Ökologisches Leuchtturmprojekt: Neues Wohnquartier in Nürnberg

Perspektive Süd

Perspektive Süd

ein 2. Preis

Preisgeld: 45.000 EUR

Blauwerk Architekten GmbH

Architektur

grabner huber lipp landschaftsarchitekten und stadtplaner partnerschaft mbb

Landschaftsarchitektur

Erläuterungstext

Städtebauliches Konzept


Die neue Bebauung an der Ecke Hain-Baaderstraße wird übergeordnet stadträumlich betrachtet:

Die Lage am Ende des historischen Luitpoldhains mit raumabschließender Wirkung einerseits, die Lage an der umgebenden, ringförmigen Erschließung von Süden und Osten kommend andererseits, erfordern eine Figur, die den städtebaulich übergeordneten Raumbezügen Rechnung tragen muss. Aber auch die im Westen anschließende, historisch gewachsene Stadttypologie der straßenraumbegleitenden Blockrandstrukturen der europäischen Stadt sollen berücksichtigt und eingebunden werden.
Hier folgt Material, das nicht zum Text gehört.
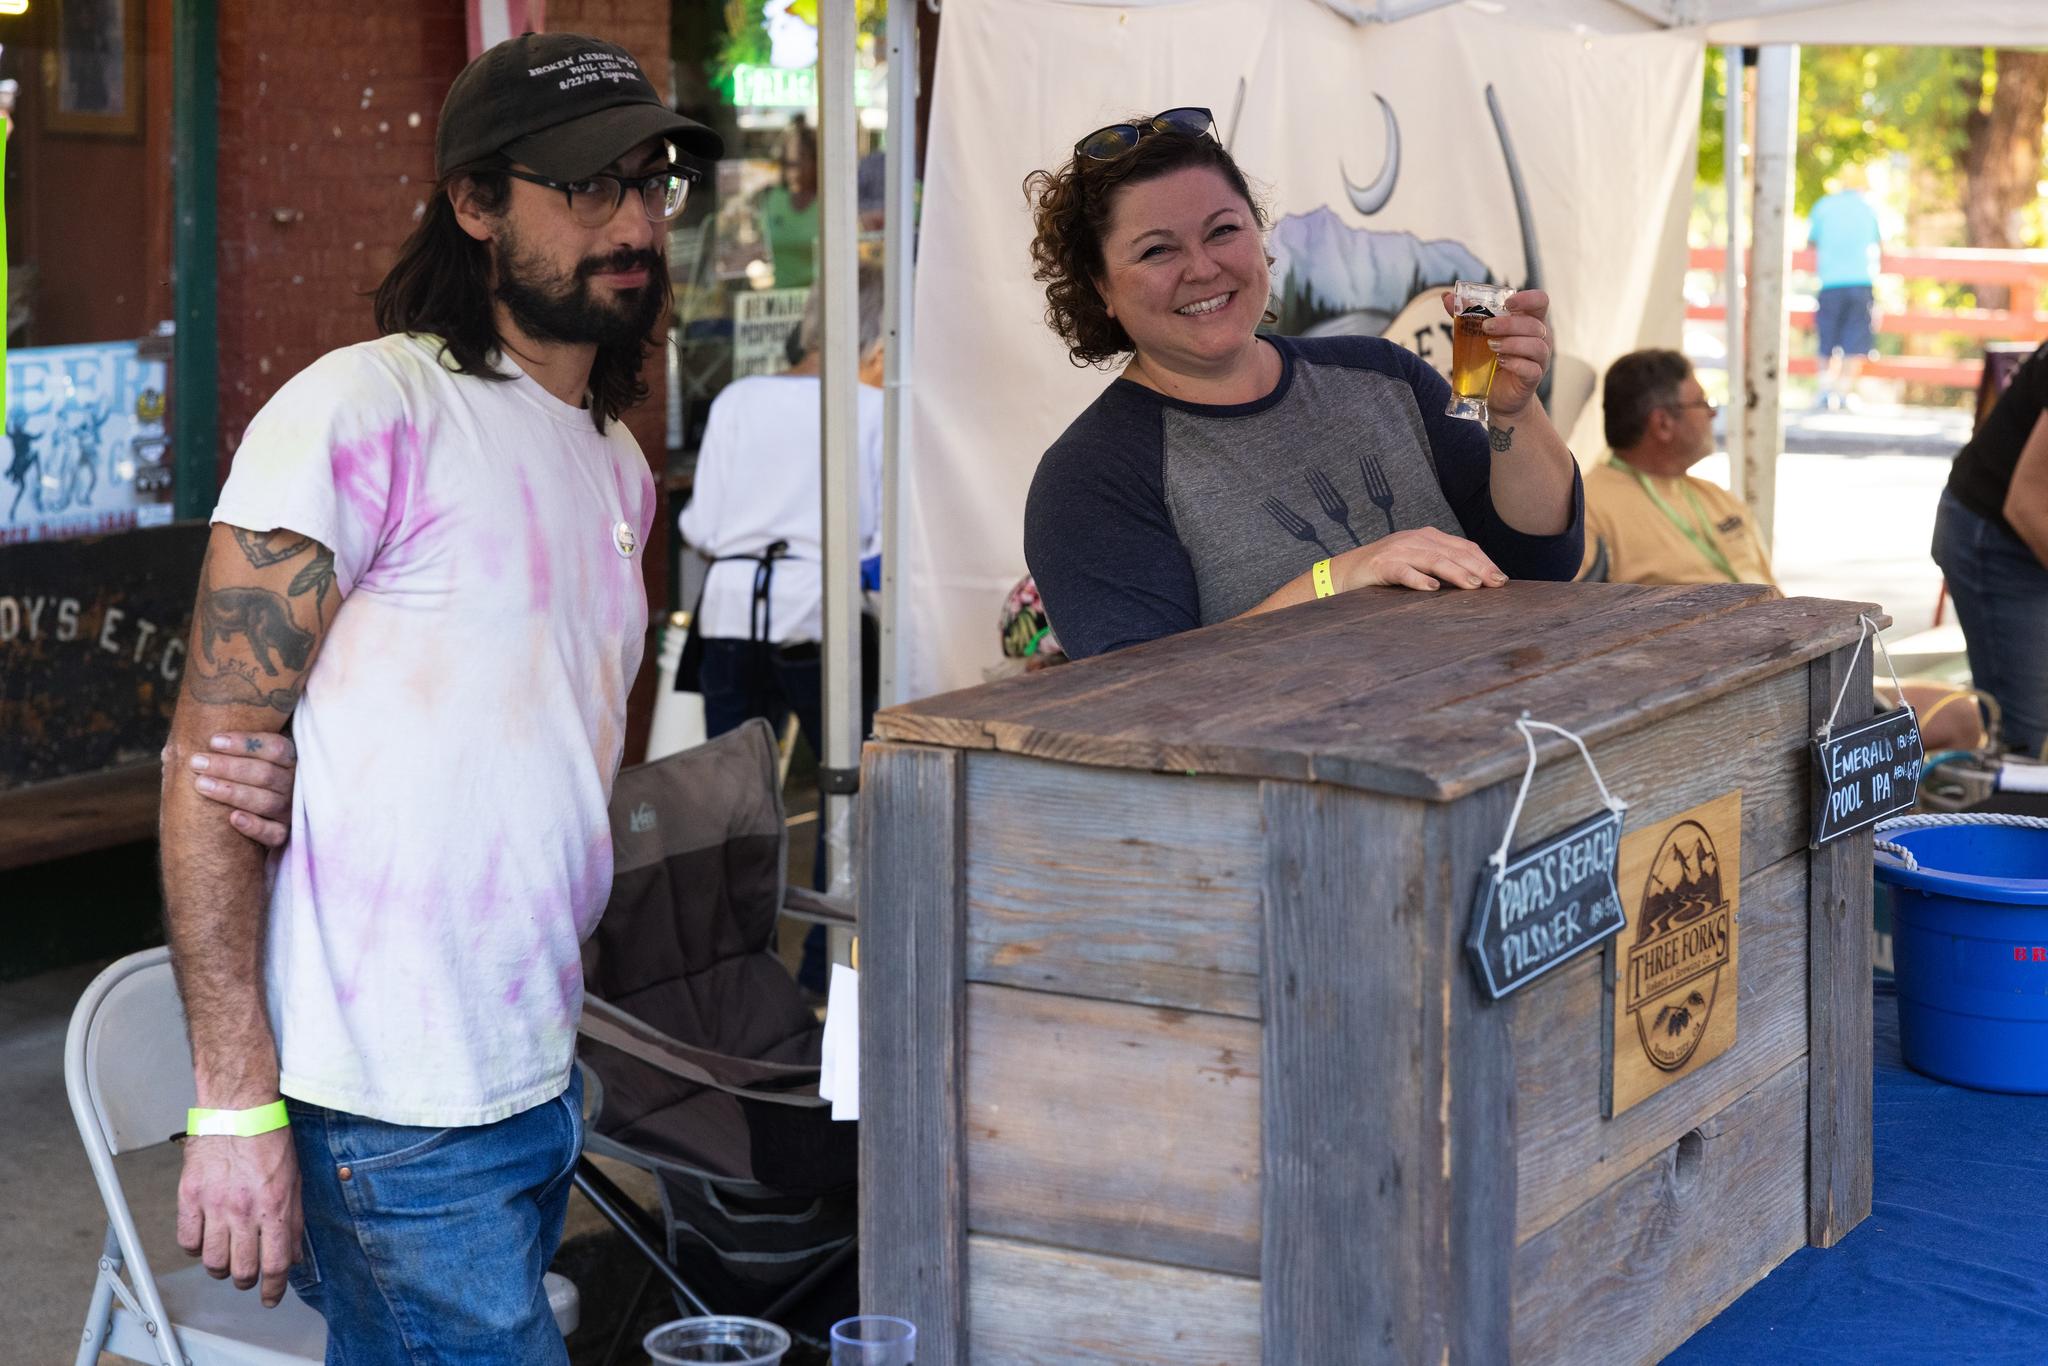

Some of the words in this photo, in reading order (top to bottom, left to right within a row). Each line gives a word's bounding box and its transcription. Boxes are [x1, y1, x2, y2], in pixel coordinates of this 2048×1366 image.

[528, 56, 574, 77] BROKEN
[569, 63, 598, 75] PHIL
[1832, 737, 1893, 782] EMERALD
[1832, 781, 1863, 823] POOL
[1872, 772, 1890, 803] IPA
[1499, 854, 1556, 931] PAPA'S
[1559, 826, 1614, 892] BEACH
[1502, 901, 1582, 978] PILSNER
[1631, 936, 1680, 999] THREE
[1683, 914, 1726, 961] FORKS
Die städtebauliche Neukonzeption reagiert auf die beiden oben beschriebenen Situationen, indem eine von Westen kommende, blockrandartige Konfiguration mit klaren Straßenraumbezügen außen und abwechslungsreichen, geometrisch komplexere innere

Blockfüllungen an den Bestand anschließt. Im Osten wird die Struktur in einen stadträumlich übergeordneten städtischen Maßstab mittels zweier Hochhäuser überführt. Verbunden werden die zwei Strukturen mittels zweier brückenartiger Gelenke, welche einen binnenartigen, halböffentlichen Raum umschließen. Dieser zentrale Raum bildet das neue gemeinschaftliche Herzstück der Bebauung. Über eine Wegeverbindung durch den neuen Hofraum wird eine fußläufige Anbindung des nördlich gelegenen Platzes an der Baaderstraße zum Platz der Opfer des Faschismus im Süden hergestellt.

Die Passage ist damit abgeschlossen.